» TASK GOAL:
Write the records out again exactly, leaving no images in.

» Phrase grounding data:

=-=-=-=-=

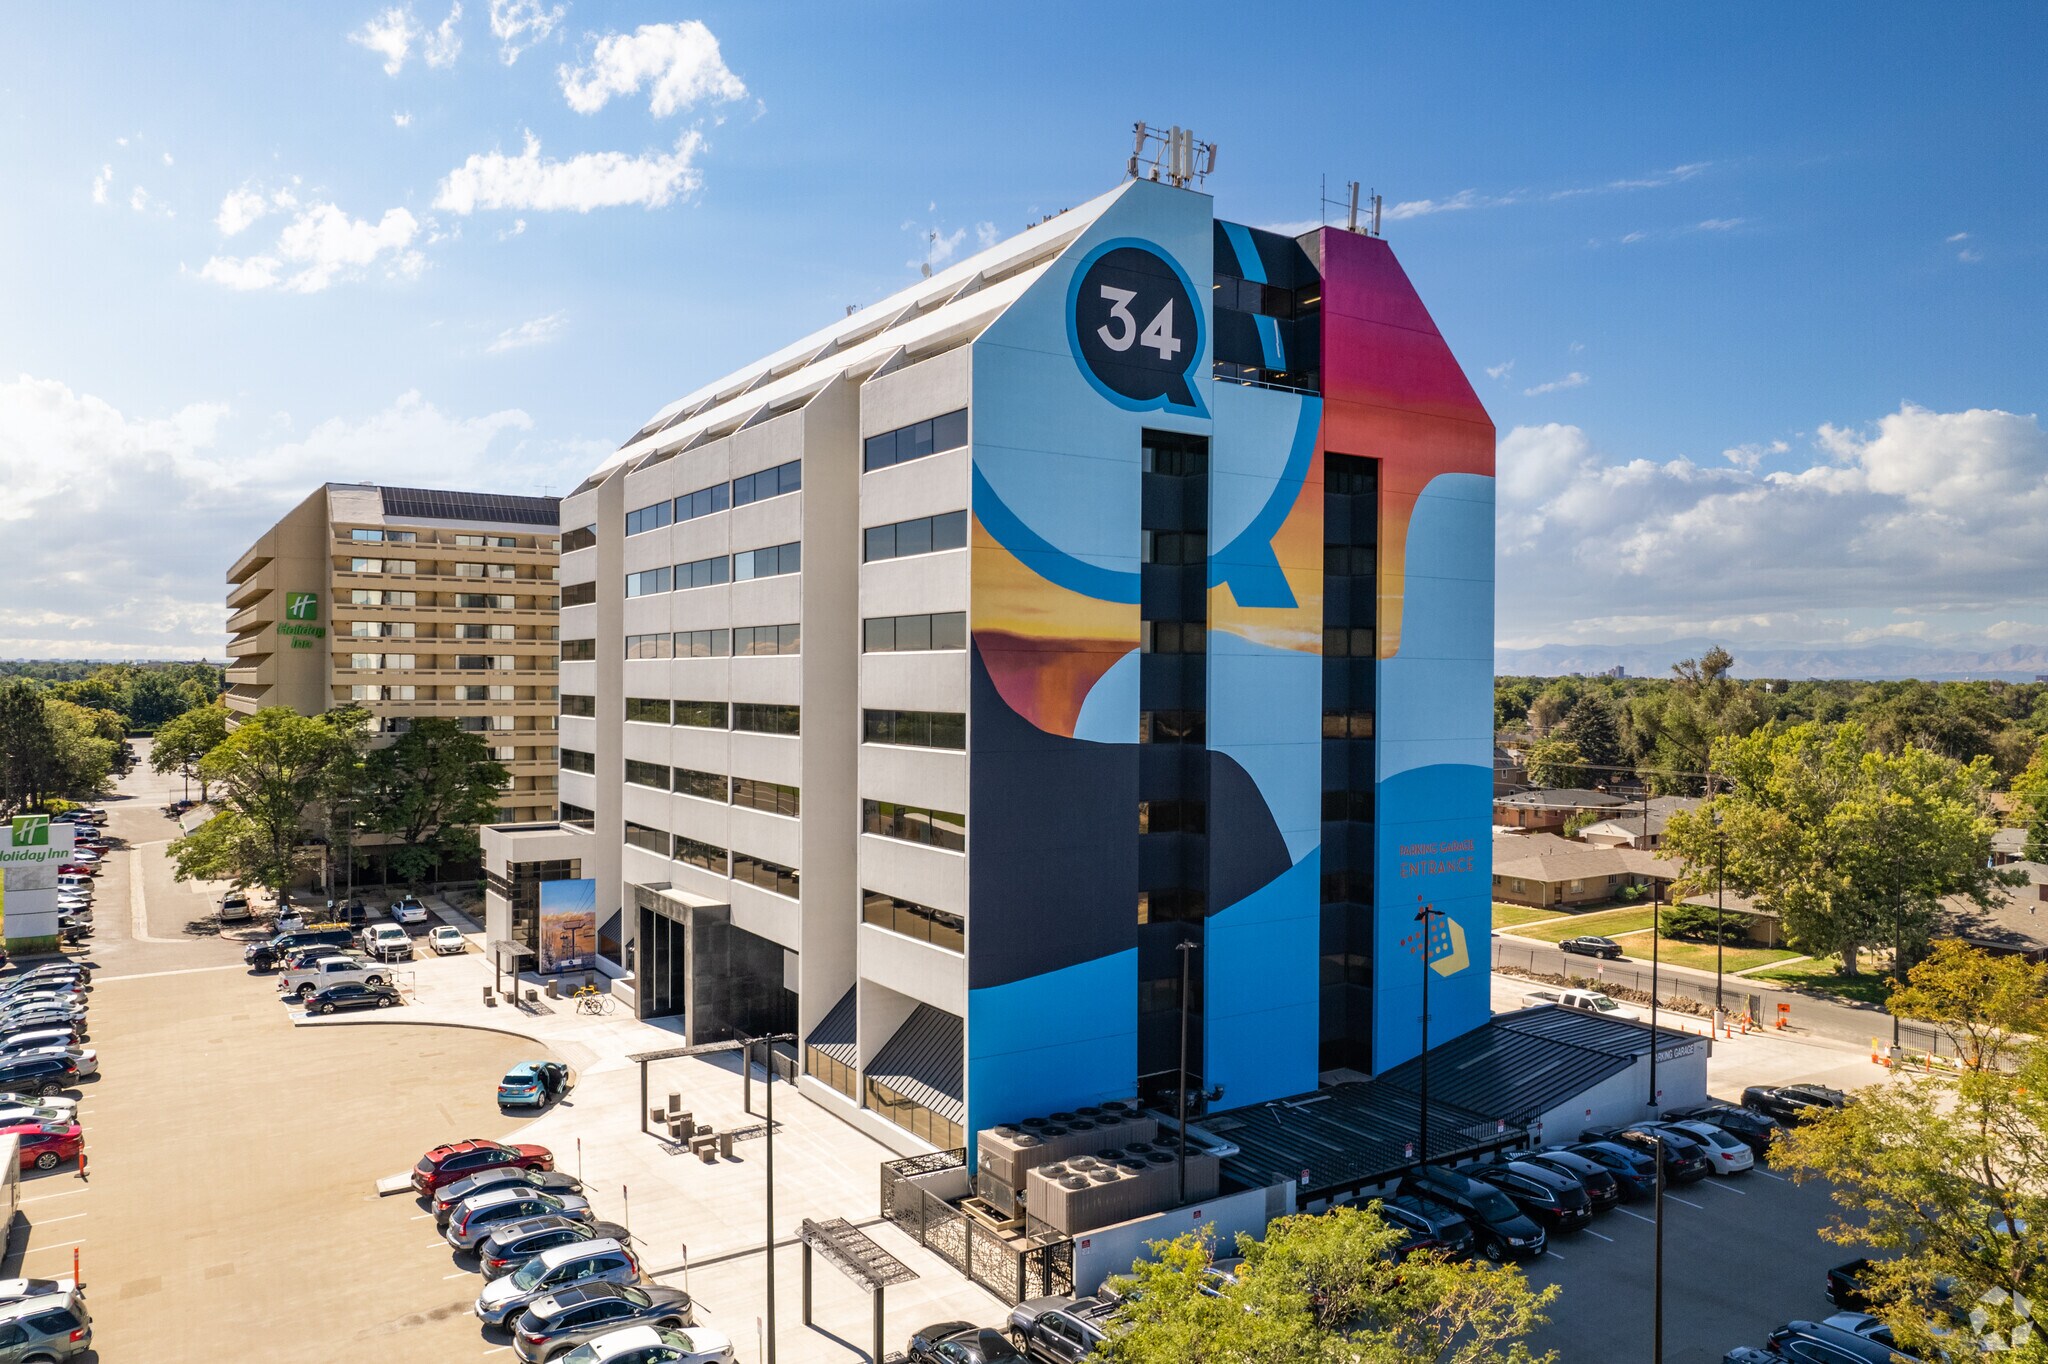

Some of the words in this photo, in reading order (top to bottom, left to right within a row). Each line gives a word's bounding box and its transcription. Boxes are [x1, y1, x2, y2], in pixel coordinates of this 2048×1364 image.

[1097, 284, 1181, 361] 34
[277, 622, 326, 639] Holiday
[291, 636, 313, 649] Inn
[48, 847, 69, 859] Inn
[1399, 842, 1438, 856] PARKING
[1439, 839, 1475, 853] GARAGE
[1400, 855, 1475, 879] ENTRANCE
[1673, 1043, 1694, 1058] GARAGE
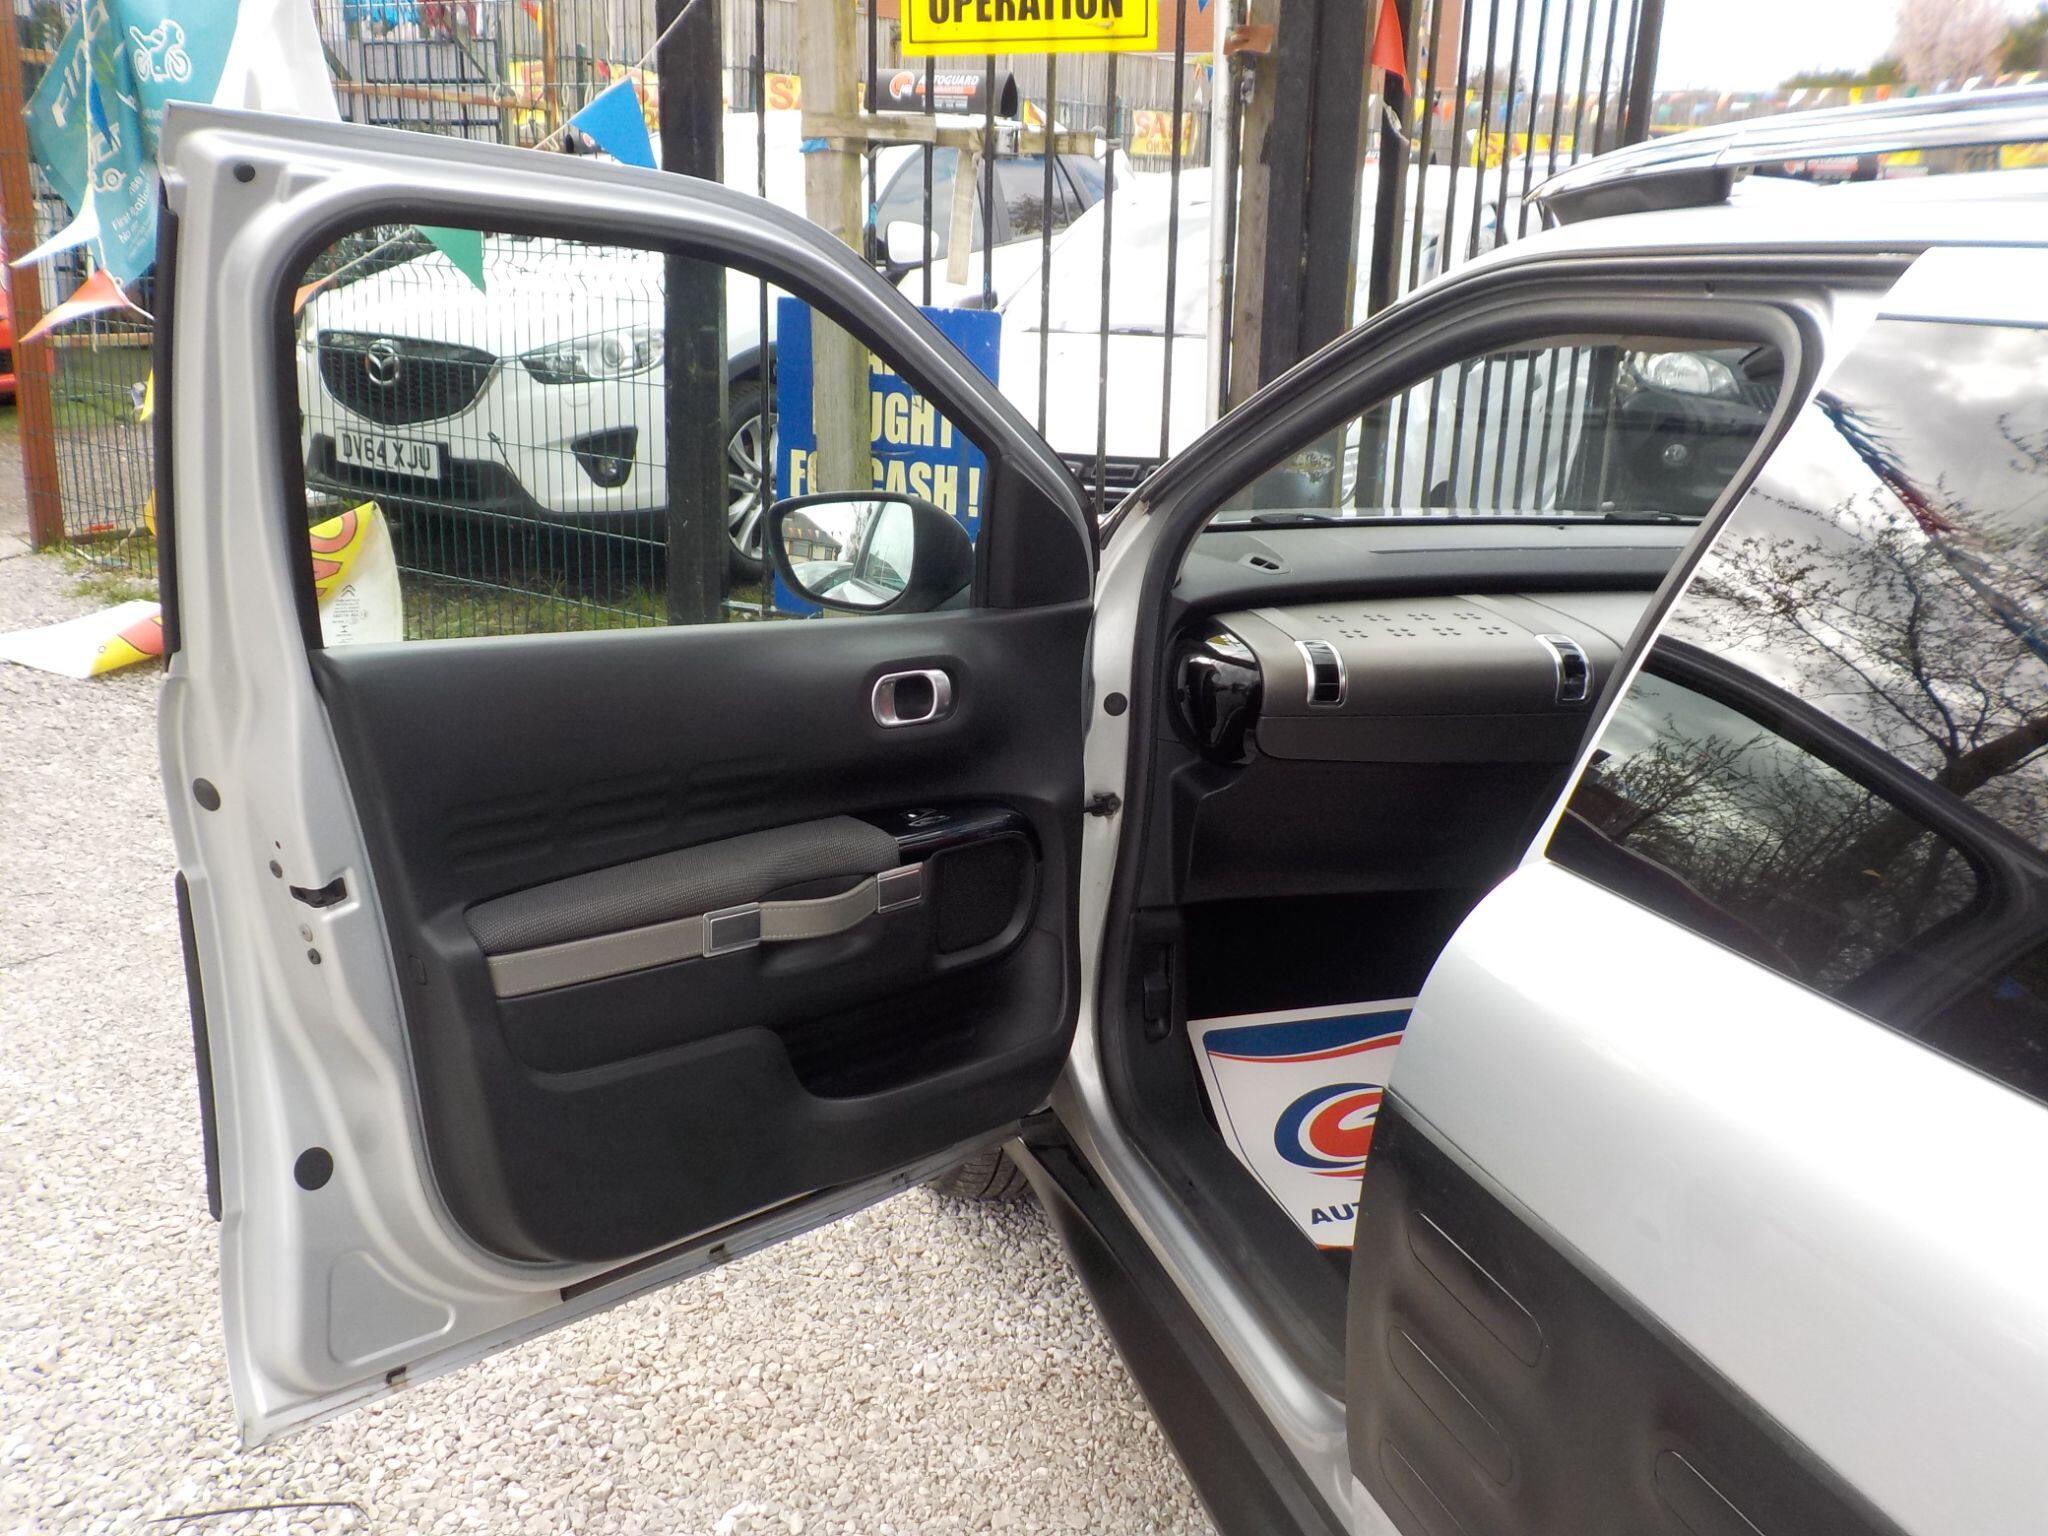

=-=-=-=-=

» FINAL ANSWER:
Some of the words in this photo, in reading order (top to bottom, left to right within a row). Each line gives a word's bounding box and its transcription. Boxes are [x1, y1, x2, y2], in pixel coordinates of this 2048×1364 image.

[1097, 284, 1181, 361] 34
[277, 622, 326, 639] Holiday
[291, 636, 313, 649] Inn
[48, 847, 69, 859] Inn
[1399, 842, 1438, 856] PARKING
[1439, 839, 1475, 853] GARAGE
[1400, 855, 1475, 879] ENTRANCE
[1673, 1043, 1694, 1058] GARAGE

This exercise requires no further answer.